▼
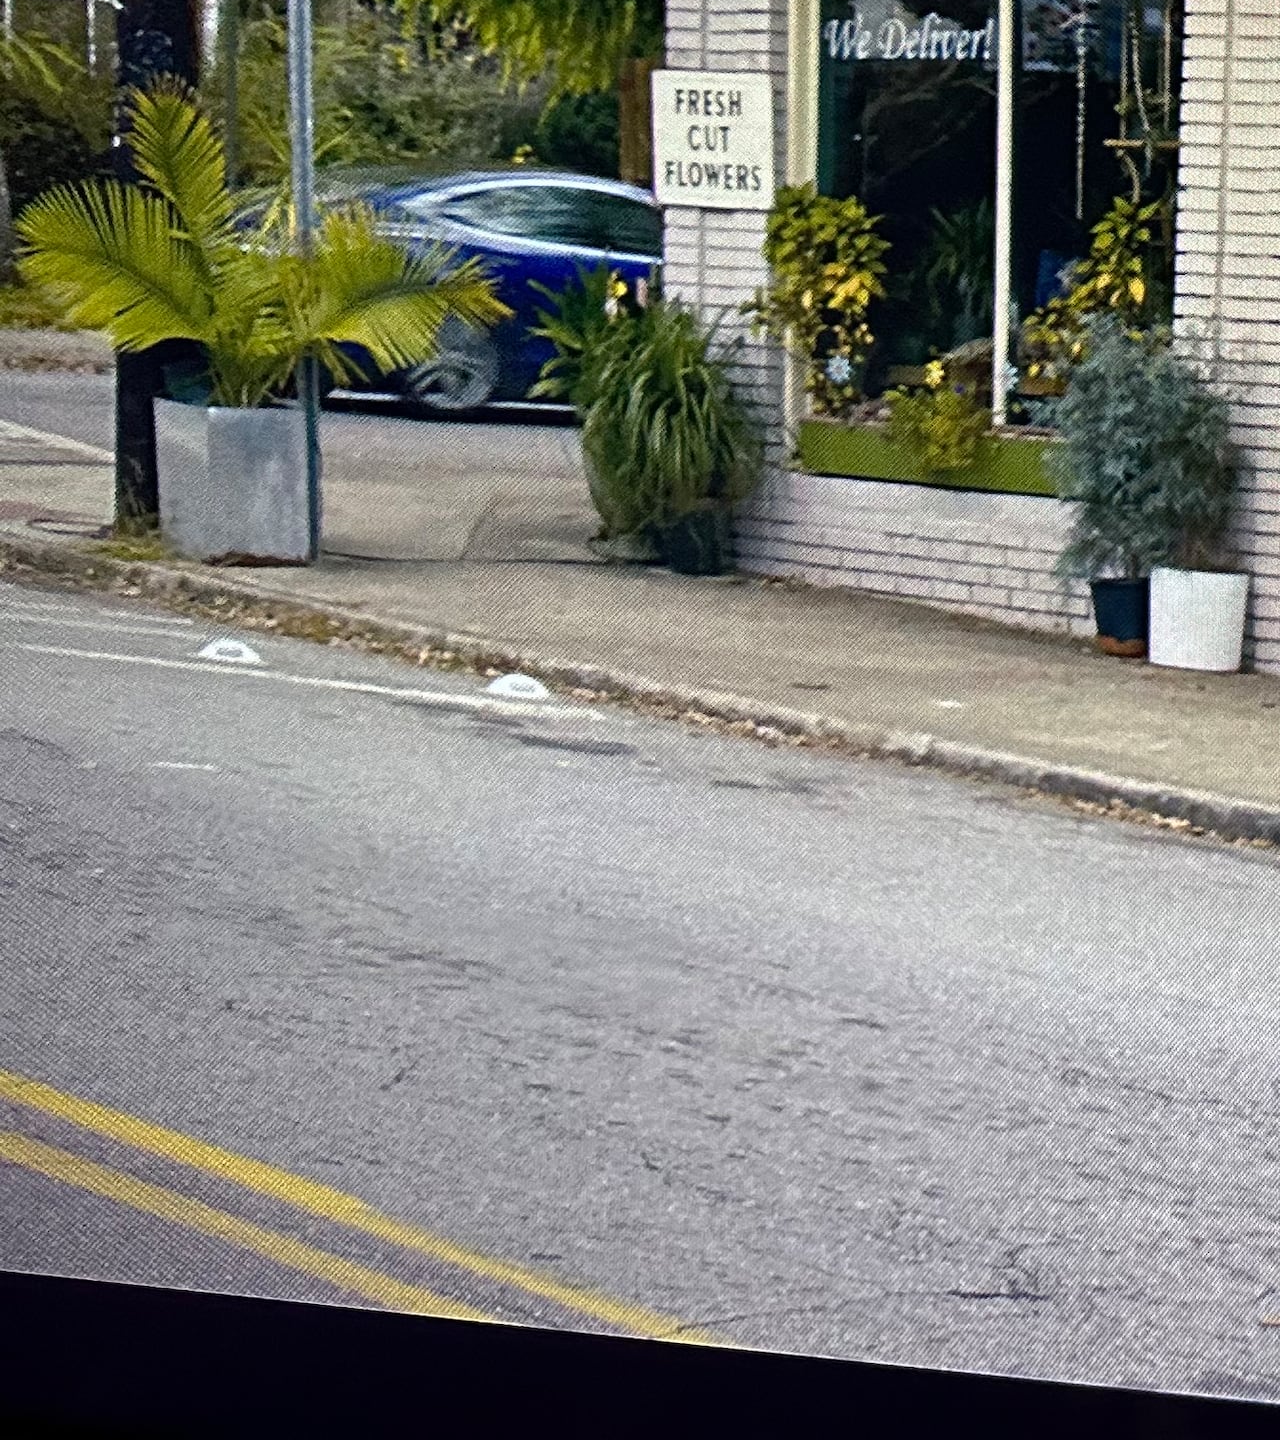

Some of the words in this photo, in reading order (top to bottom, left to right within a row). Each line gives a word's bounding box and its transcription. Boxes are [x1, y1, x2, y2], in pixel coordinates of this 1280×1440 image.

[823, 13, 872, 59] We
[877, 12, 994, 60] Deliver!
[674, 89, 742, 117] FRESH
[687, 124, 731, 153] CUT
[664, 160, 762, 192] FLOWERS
▲
§ **WHAT TO PRODUCE**
In your answer, set down the full listing word for word and include no pictures.

§ **REPLY TO THE TASK**
Some of the words in this photo, in reading order (top to bottom, left to right within a row). Each line gives a word's bounding box and its transcription. Boxes are [x1, y1, x2, y2], in pixel coordinates of this 1280×1440 image.

[823, 13, 872, 59] We
[877, 12, 994, 60] Deliver!
[674, 89, 742, 117] FRESH
[687, 124, 731, 153] CUT
[664, 160, 762, 192] FLOWERS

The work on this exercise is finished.